On Tuesday, RBC Capital Markets adjusted its price target for Agree Realty Corporation (NYSE:ADC) shares, lowering it to $79 from the previous $80 while maintaining an Outperform rating. Currently trading at $70.42 with a market capitalization of $7.27 billion, ADC appears to be trading above its InvestingPro Fair Value. The revision came after the firm's analysis of the real estate investment trust's (REIT) recent acquisitions and future investment guidance.
Agree Realty's 2024 acquisition volumes modestly exceeded both the company's guidance and RBC Capital's estimates. The REIT acquired properties worth $867 million in 2024, surpassing the anticipated $850 million.
In the fourth quarter of 2024 alone, Agree Realty's acquisitions totaled $341 million, which was above RBC Capital's estimate of $325 million. The capitalization rate (cap rate) for these acquisitions remained consistent at 7.3%.
Moreover, 73.3% of the company's investment grade weighting was attributed to the fourth quarter, and 10.5% of annualized base rent (ABR) stemmed from ground leases. The company's strong acquisition strategy has contributed to impressive revenue growth of 17.78% over the last twelve months, according to InvestingPro data.
Looking ahead, Agree Realty has provided guidance for 2025 investment volumes to be between $1.1 billion and $1.3 billion. This forecast falls slightly short of RBC Capital's prior midpoint estimate of $1.325 billion.
Despite this, the firm notes that Agree Realty typically adopts a conservative stance at the beginning of the year, with the potential to increase guidance as the year progresses. The company's conservative approach has helped maintain its impressive 31-year streak of consistent dividend payments, with 12 consecutive years of dividend increases. Currently, ADC offers a competitive dividend yield of 4.31%.
RBC Capital's estimates for Agree Realty's adjusted funds from operations (AFFO) per share for the fourth quarter of 2024 and the full year of 2025 remain unchanged. However, the projection for 2026 AFFO per share has been reduced by $0.03, attributed to an anticipated rise in the cost of capital. This increased cost of capital is also the reason behind the $1 reduction in the price target for Agree Realty's stock.
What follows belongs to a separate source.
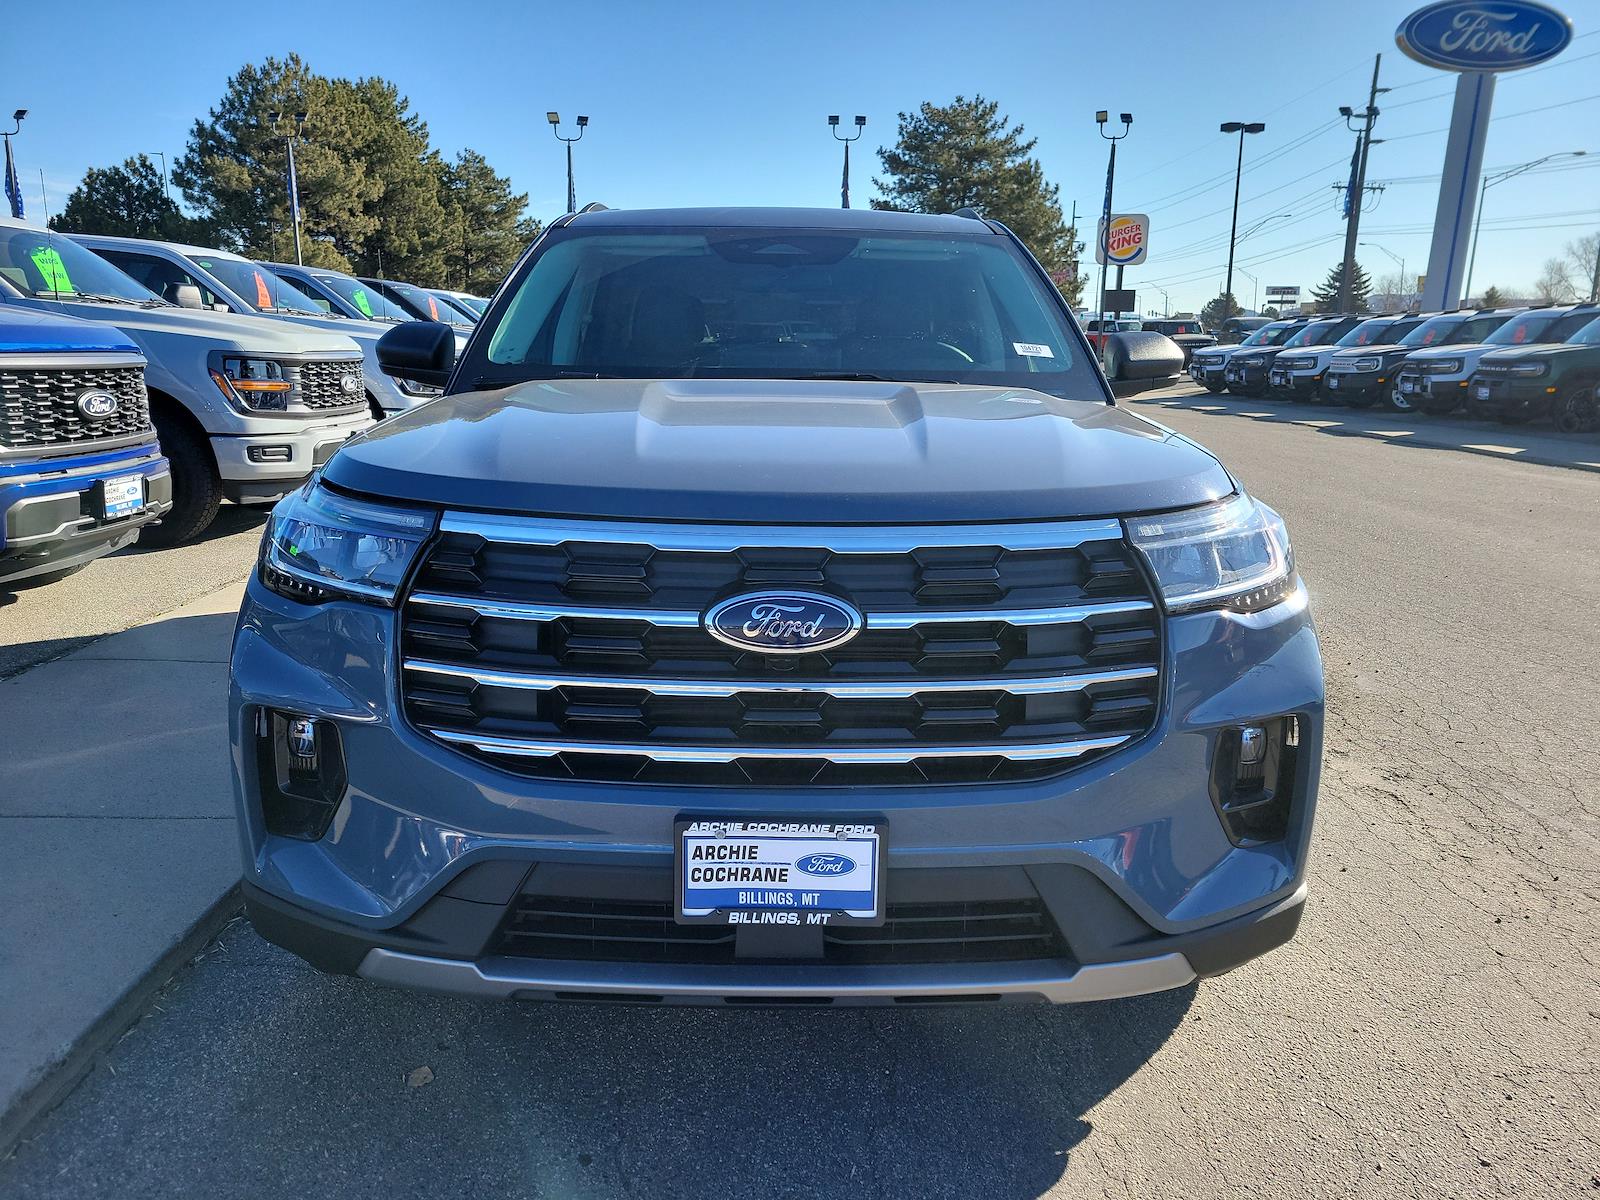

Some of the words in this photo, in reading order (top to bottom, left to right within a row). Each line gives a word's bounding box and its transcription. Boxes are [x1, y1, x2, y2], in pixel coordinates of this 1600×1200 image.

The analyst from RBC Capital concluded that while the higher cost of capital has necessitated a slight adjustment in the longer-term estimates and price target, the overall performance and guidance from Agree Realty demonstrate a solid acquisition strategy and a conservative approach to growth projections.
InvestingPro analysis supports this view, showing a GOOD overall Financial Health Score of 2.92, with particularly strong ratings in cash flow and growth metrics. For deeper insights into ADC's financial health and growth prospects, investors can access the comprehensive Pro Research Report, available exclusively to InvestingPro subscribers.
In other recent news, Agree Realty Corporation has been the subject of several analyst upgrades and significant financial developments. Agree Realty's recent earnings call revealed a 4.6% year-over-year growth in its AFFO per share guidance, which was raised to $4.12-$4.14. Evercore ISI set Agree Realty's stock to outperform, giving it a price target of $82, citing the company's proven execution track record and substantial growth opportunities.
Baird also raised its price target for Agree Realty to $76, while RBC Capital Markets set its price target to $80, both maintaining an Outperform rating. These upgrades came after Agree Realty successfully raised over $1 billion of equity, which is expected to fund its growth initiatives and provide a buffer against short-term market volatility.
Agree Realty also closed a stock offering, issuing more than five million shares at $74 per share, and announced a $1.25 billion at-the-market equity program. These moves are expected to bolster the company's continued growth and real estate investment.
Furthermore, the company initiated a public offering of four million shares of common stock, intended for general corporate activities, including property acquisitions, development, or debt repayment. These recent developments underline Agree Realty's strategic efforts to secure funding, expand its portfolio, and fortify its financial position.